Free-text object descriptions:
- Opening Delimiter -

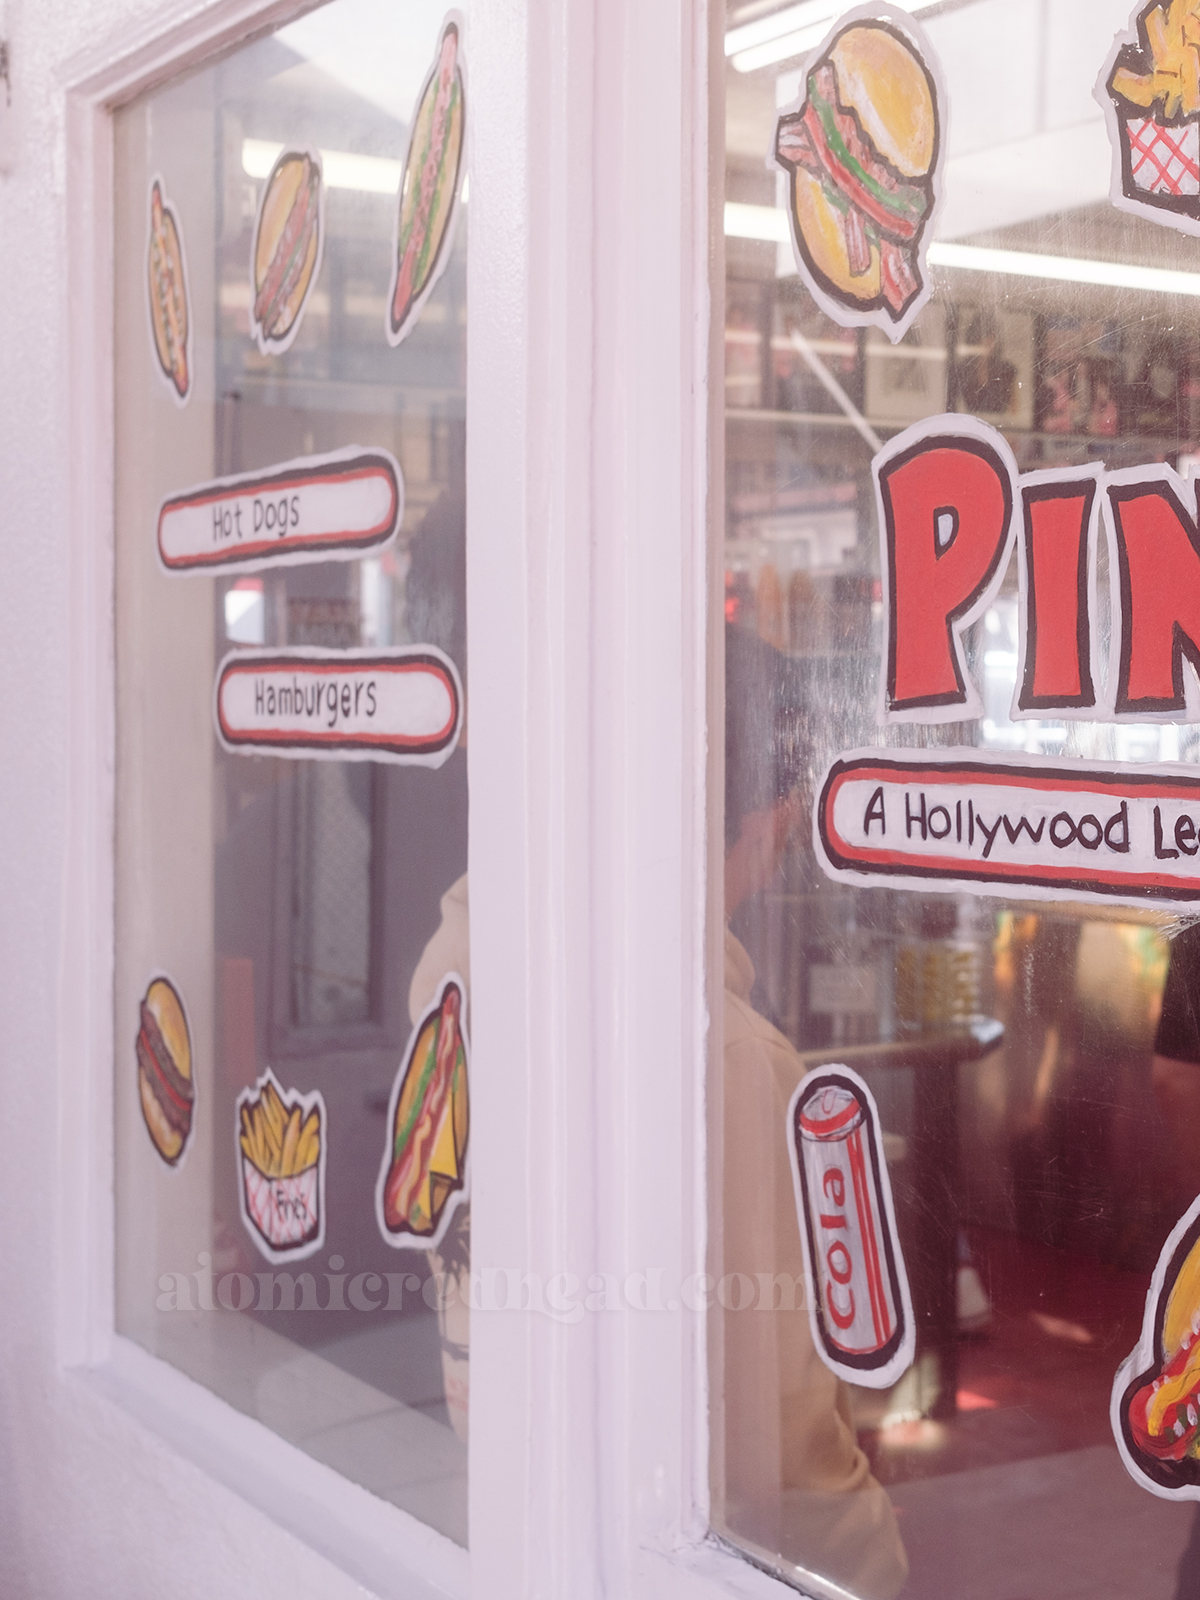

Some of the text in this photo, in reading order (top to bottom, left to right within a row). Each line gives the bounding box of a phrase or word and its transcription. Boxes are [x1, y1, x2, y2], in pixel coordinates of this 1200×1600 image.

[213, 496, 300, 542] Hot Dogs
[255, 677, 377, 727] Hamburgers
[863, 786, 886, 836] A
[904, 792, 1131, 860] Hollywood

- Closing Delimiter -

Reproduce the lines above letter for letter. The pictures stay behind.

Some of the text in this photo, in reading order (top to bottom, left to right within a row). Each line gives the bounding box of a phrase or word and its transcription. Boxes are [x1, y1, x2, y2], in pixel coordinates of this 1200×1600 image.

[213, 496, 300, 542] Hot Dogs
[255, 677, 377, 727] Hamburgers
[863, 786, 886, 836] A
[904, 792, 1131, 860] Hollywood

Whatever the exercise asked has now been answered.